__Your instructions__: Find the line containing "Some of the words". Retype it and every line after it through the end of the entries, exactly as written, with nothing added.

□ □ □ □

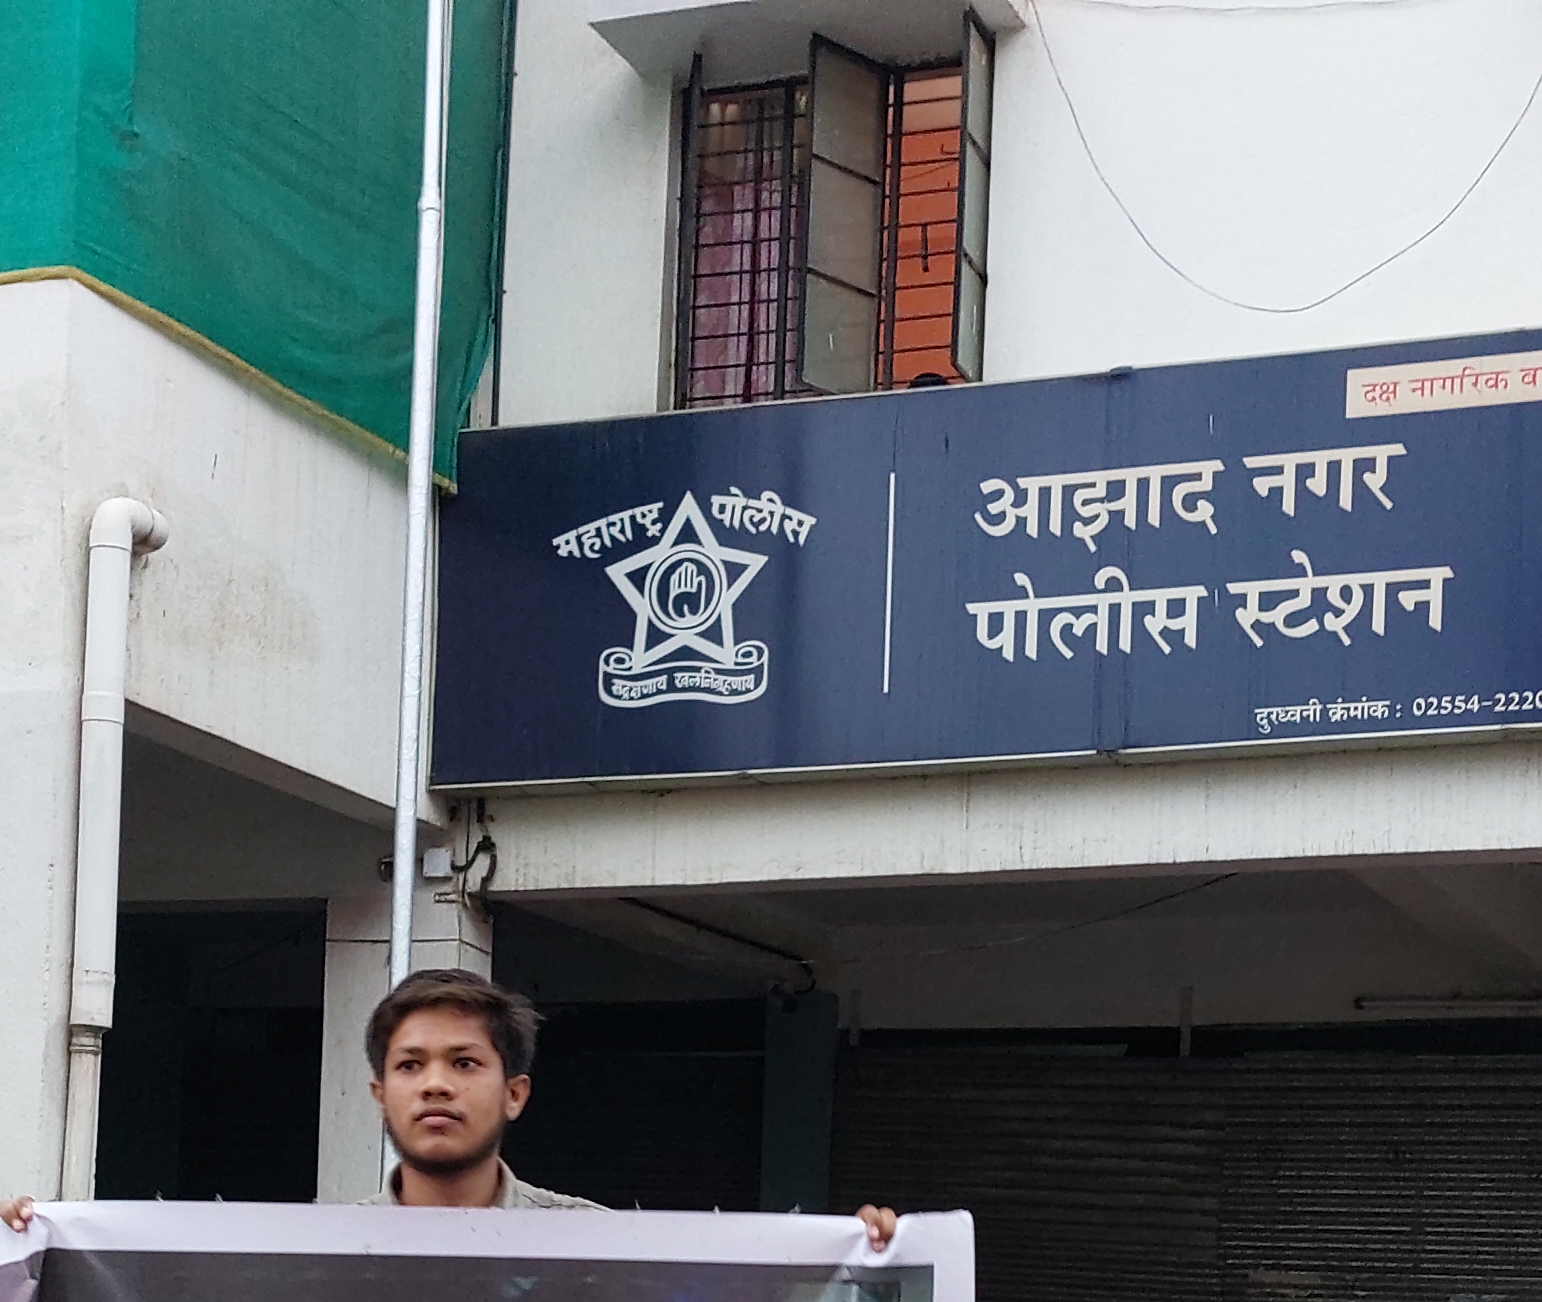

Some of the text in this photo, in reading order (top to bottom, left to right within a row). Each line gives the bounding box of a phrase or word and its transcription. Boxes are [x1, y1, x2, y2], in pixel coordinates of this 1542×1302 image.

[1362, 380, 1400, 408] दक्ष
[1408, 366, 1510, 396] नागरिक
[552, 486, 818, 559] महाराष्ट्र पोलीस
[974, 442, 1408, 553] आझाद नगर
[965, 549, 1455, 663] पोलीस स्टेशन
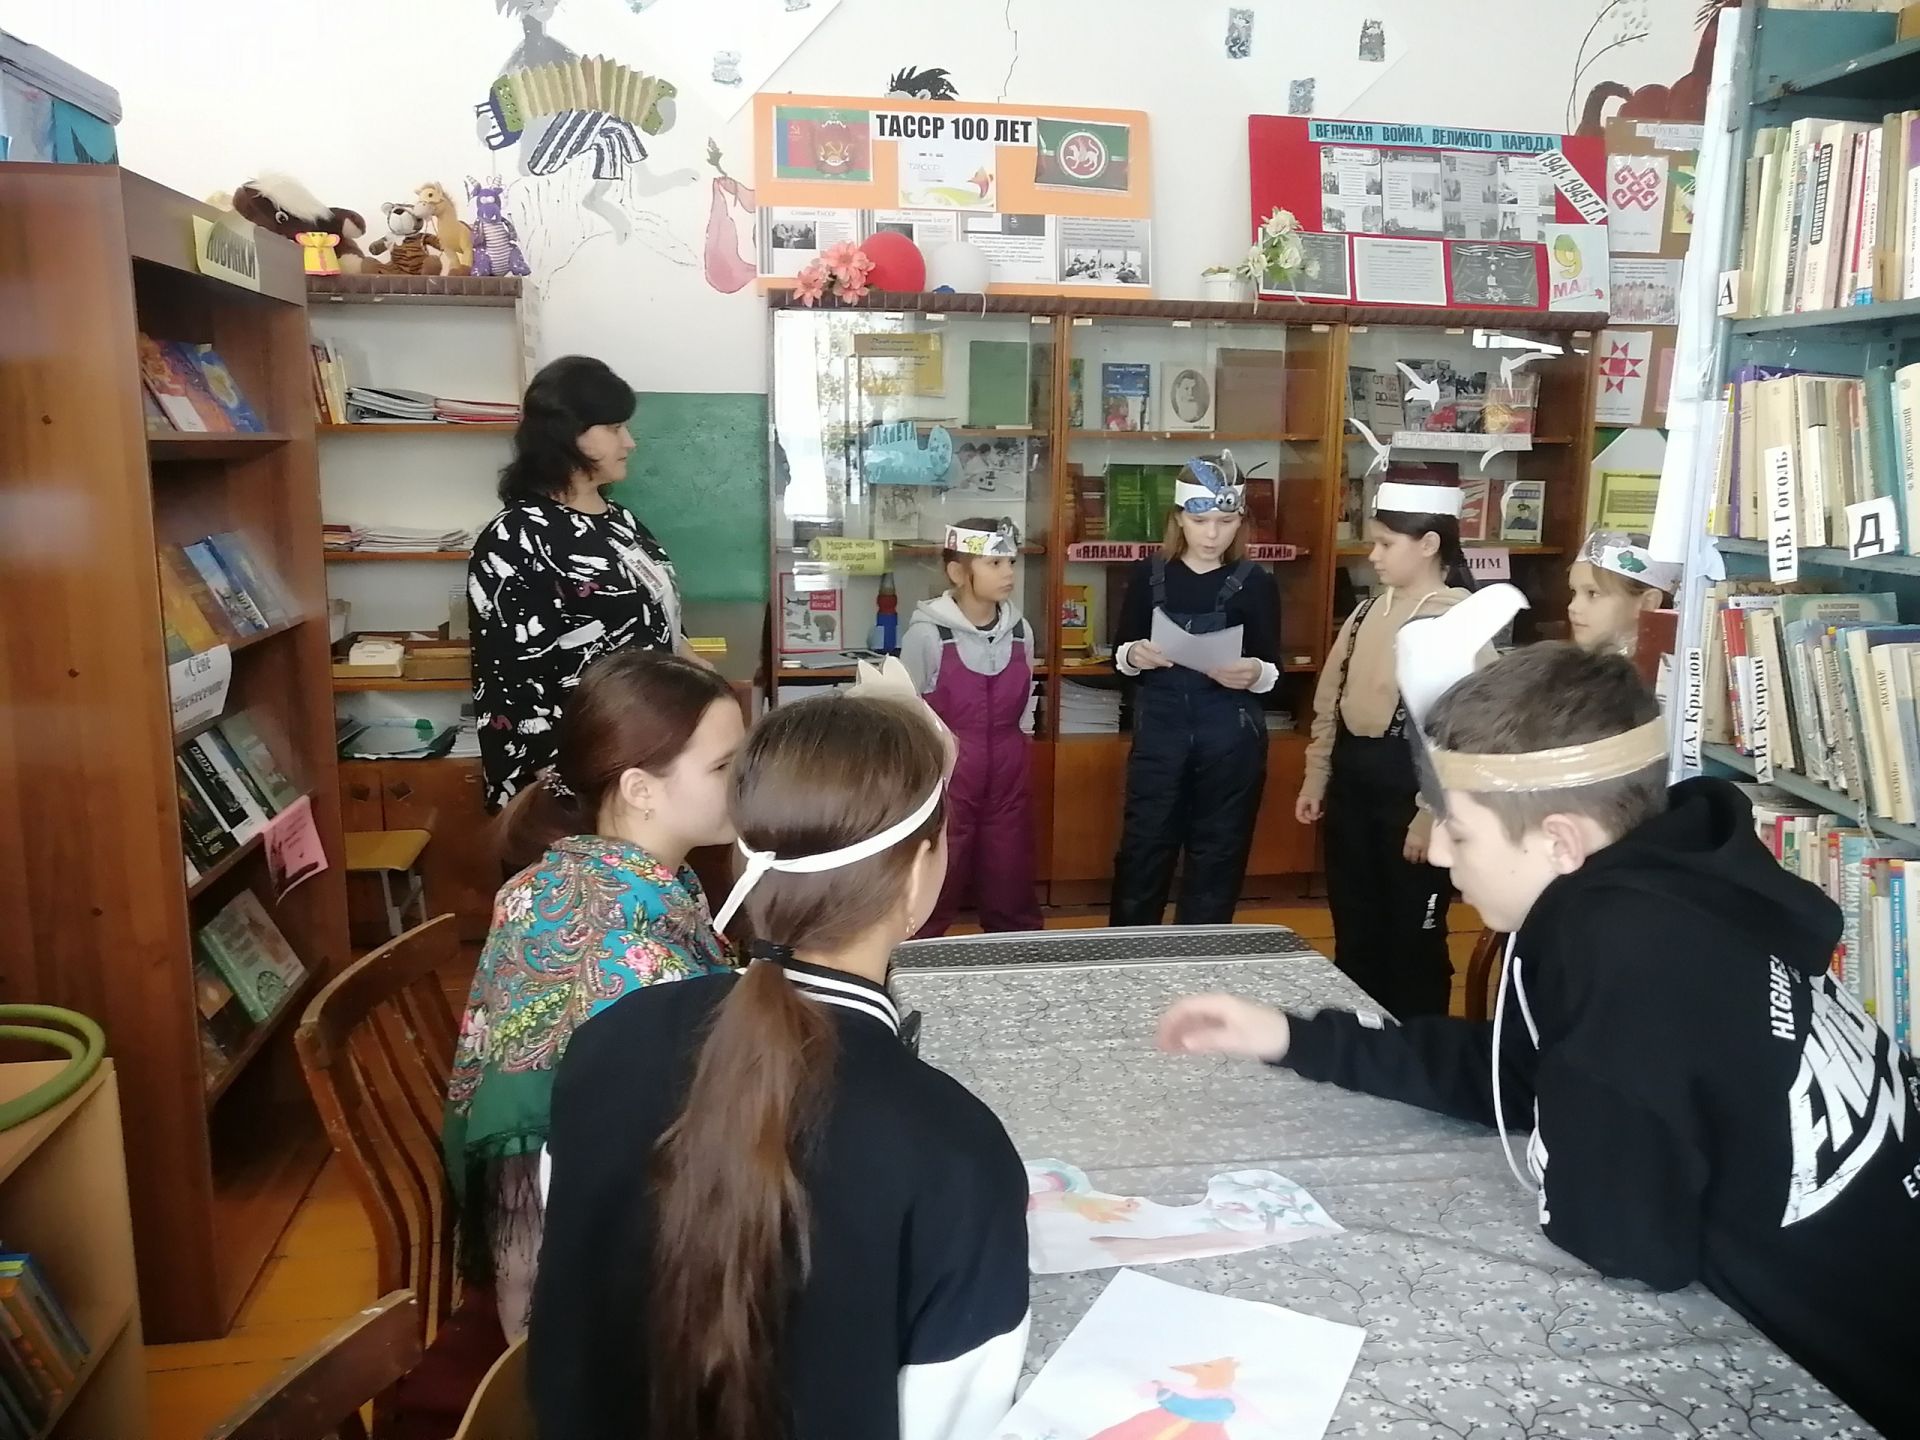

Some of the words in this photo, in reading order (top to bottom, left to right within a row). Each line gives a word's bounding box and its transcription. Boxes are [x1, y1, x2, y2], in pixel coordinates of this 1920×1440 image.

[876, 114, 945, 139] ТАССР
[951, 117, 989, 141] 100
[994, 119, 1032, 143] ЛЕТ
[1315, 123, 1373, 141] ВЕЛИКАЯ
[1432, 128, 1492, 149] ВЕЛИКОГО
[1501, 132, 1554, 153] НАРОДА
[1553, 233, 1584, 279] 9
[1553, 281, 1588, 299] МА
[1717, 276, 1734, 308] А
[1774, 451, 1789, 523] Гоголь
[1776, 528, 1793, 573] Н.В.
[1853, 512, 1884, 558] Д
[1685, 651, 1704, 724] Крылов
[1752, 658, 1769, 733] Куприн
[1683, 729, 1699, 769] И.А.
[1846, 862, 1862, 914] КНИГА

□ □ □ □

__Exercise response__:
Some of the words in this photo, in reading order (top to bottom, left to right within a row). Each line gives a word's bounding box and its transcription. Boxes are [x1, y1, x2, y2], in pixel coordinates of this 1920×1440 image.

[876, 114, 945, 139] ТАССР
[951, 117, 989, 141] 100
[994, 119, 1032, 143] ЛЕТ
[1315, 123, 1373, 141] ВЕЛИКАЯ
[1432, 128, 1492, 149] ВЕЛИКОГО
[1501, 132, 1554, 153] НАРОДА
[1553, 233, 1584, 279] 9
[1553, 281, 1588, 299] МА
[1717, 276, 1734, 308] А
[1774, 451, 1789, 523] Гоголь
[1776, 528, 1793, 573] Н.В.
[1853, 512, 1884, 558] Д
[1685, 651, 1704, 724] Крылов
[1752, 658, 1769, 733] Куприн
[1683, 729, 1699, 769] И.А.
[1846, 862, 1862, 914] КНИГА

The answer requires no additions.